Tuesday, December 19, 2017

Lawmakers say they will fund CHIP but haven't agreed how; Ala. to stop enrollment if they don't

As one state warned that it would stop enrolling kids in the Children's Health Insurance Program on Jan. 1 for lack of funds, Senate Republicans said an extension of the program would be in this week's must-pass bill to keep the federal government running. But Senate and House negotiators still haven't agreed on the details, and "Who will blink and when could determine the future of the program," Alice Ollstein reports for Talking Points Memo. The program covers nearly 9 million low- and mid-income children whose parents can't afford private health insurance, but who make too much money to qualify for Medicaid. Republicans want states to assume an increasing amount of the cost of the program, if not all, eventually.

Senate Majority Whip John Cornyn of Texas said last week that Congress would pass a long-term CHIP bill this week, Jessie Hellman reports for The Hill. Majority Leader Mitch McConnell announced Monday that the CHIP extension would be included in the stopgap spending bill. However, "Senate Democrats are threatening to oppose House Republicans’ version that cuts public health programs to pay for CHIP, noting that they aren’t demanding similar offsets for either the $1.4 trillion tax bill or $81 billion disaster aid bill up for votes this week," TPM reports. Hellman notes, "Because Republicans have such a slim majority in the Senate, Democratic support is needed for the bill."

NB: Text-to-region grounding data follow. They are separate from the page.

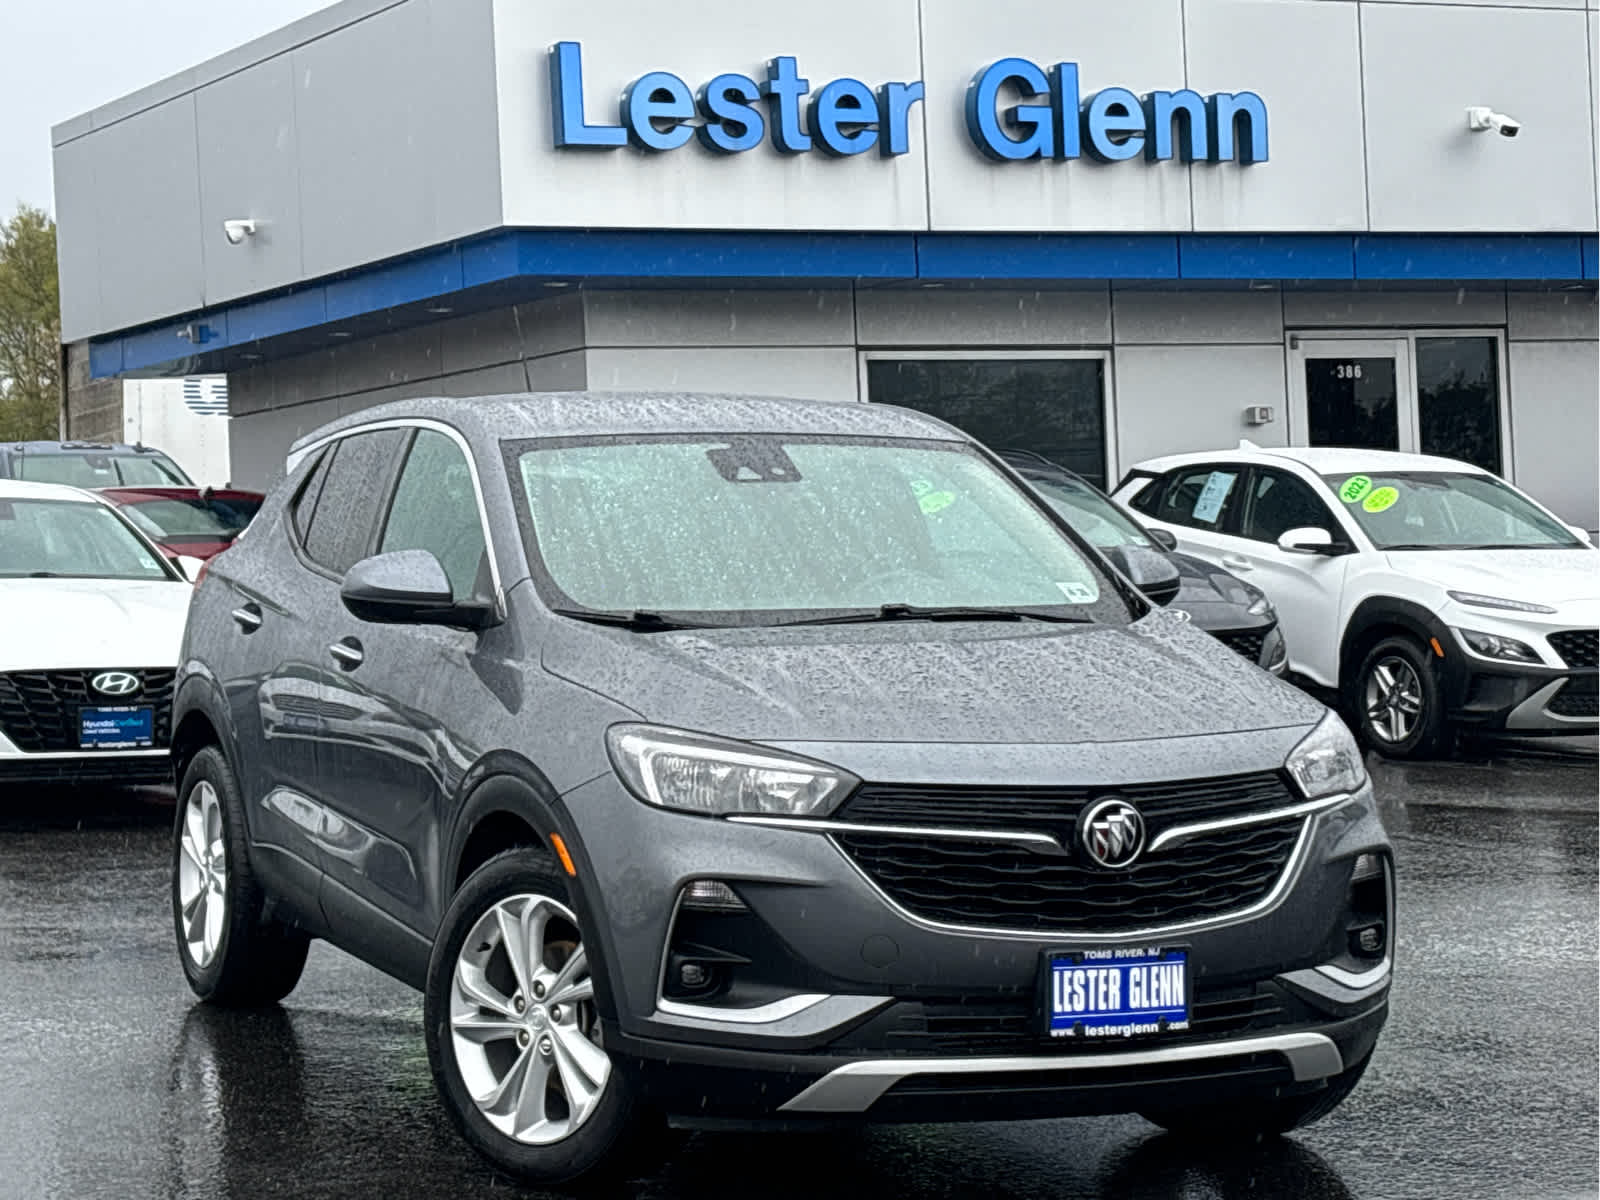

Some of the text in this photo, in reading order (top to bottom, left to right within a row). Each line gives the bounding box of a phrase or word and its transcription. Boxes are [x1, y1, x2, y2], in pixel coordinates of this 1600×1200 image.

[548, 41, 1269, 163] Lester Glenn
[1337, 364, 1362, 379] 386
[1083, 950, 1112, 960] TOMS
[1148, 946, 1160, 957] NJ
[1053, 964, 1185, 1013] LESTER GLENN
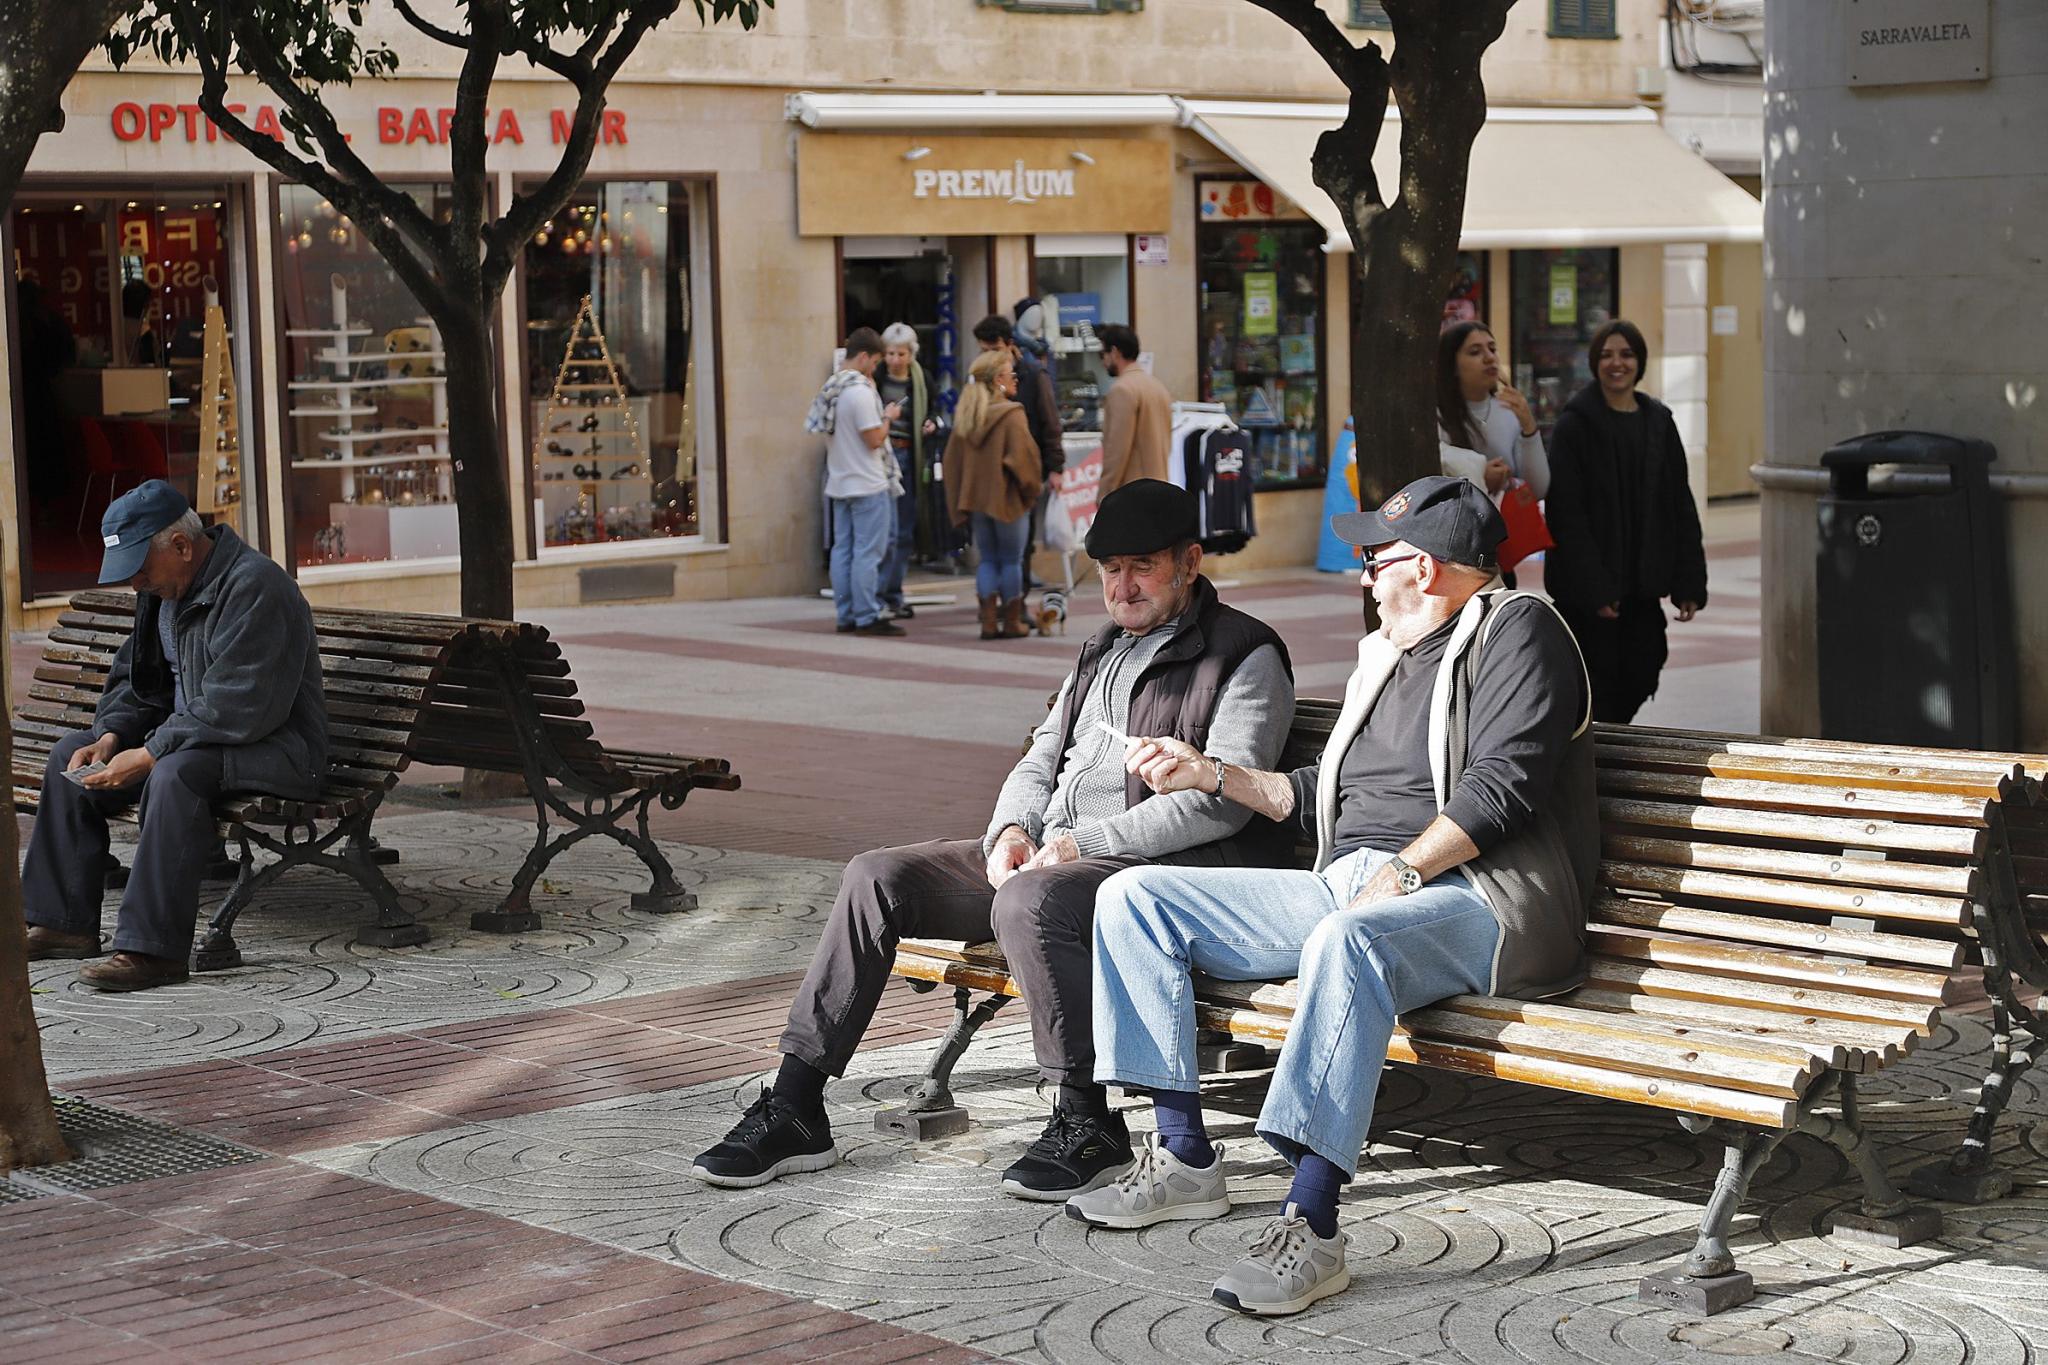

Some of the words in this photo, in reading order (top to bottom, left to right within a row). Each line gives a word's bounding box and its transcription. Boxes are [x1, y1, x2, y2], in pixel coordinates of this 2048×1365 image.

[1860, 23, 1972, 46] SARRAVALETA
[378, 107, 524, 145] BARA
[550, 109, 628, 145] MR
[913, 159, 1075, 204] PREMIUM

Meanwhile, Alabama has become the first state to announce that it would freeze CHIP enrollment Jan. 1 and close the program Jan. 31 if federal funding is not restored soon. Virginia and Colorado have sent out letters telling beneficiaries that their coverage is at risk. Both states have allowed children to keep enrolling up until the termination date, Quinn Libson reports for Route Fifty. All states' CHIP funding lapsed on Sept. 30, but they have been using leftover funds, redistributed by the Centers for Medicare and Medicaid Services. Connecticut and Colorado have said they will also shut down their programs Jan. 31 if funding doesn't come through and will shift CHIP kids to Medicaid or private insurance from an Obamacare exchange. Most state would run out by March, and all 50 states and the District of Columbia would run out by June.
A Politico map shows when each state is expected to run out of money; click the image to enlarge it.
If Alabama freezes enrollment in its CHIP program, it won't be the first time a state has done so. Arizona did it in 2009 during the recession, in what researchers from Georgetown University's Center for Children and Families call a "cautionary tale." It saved the state $12.9 million in fiscal year 2011, but there were down sides: 14,000 children lost medical coverage completely, and "by July 2011, the waiting list for that program had swelled to include more than 100,000 kids. According to the Kaiser Family Foundation, the waiting list continued to grow at a rate of 10,000 kids every month." The state also lost $41 million in federal matching funds.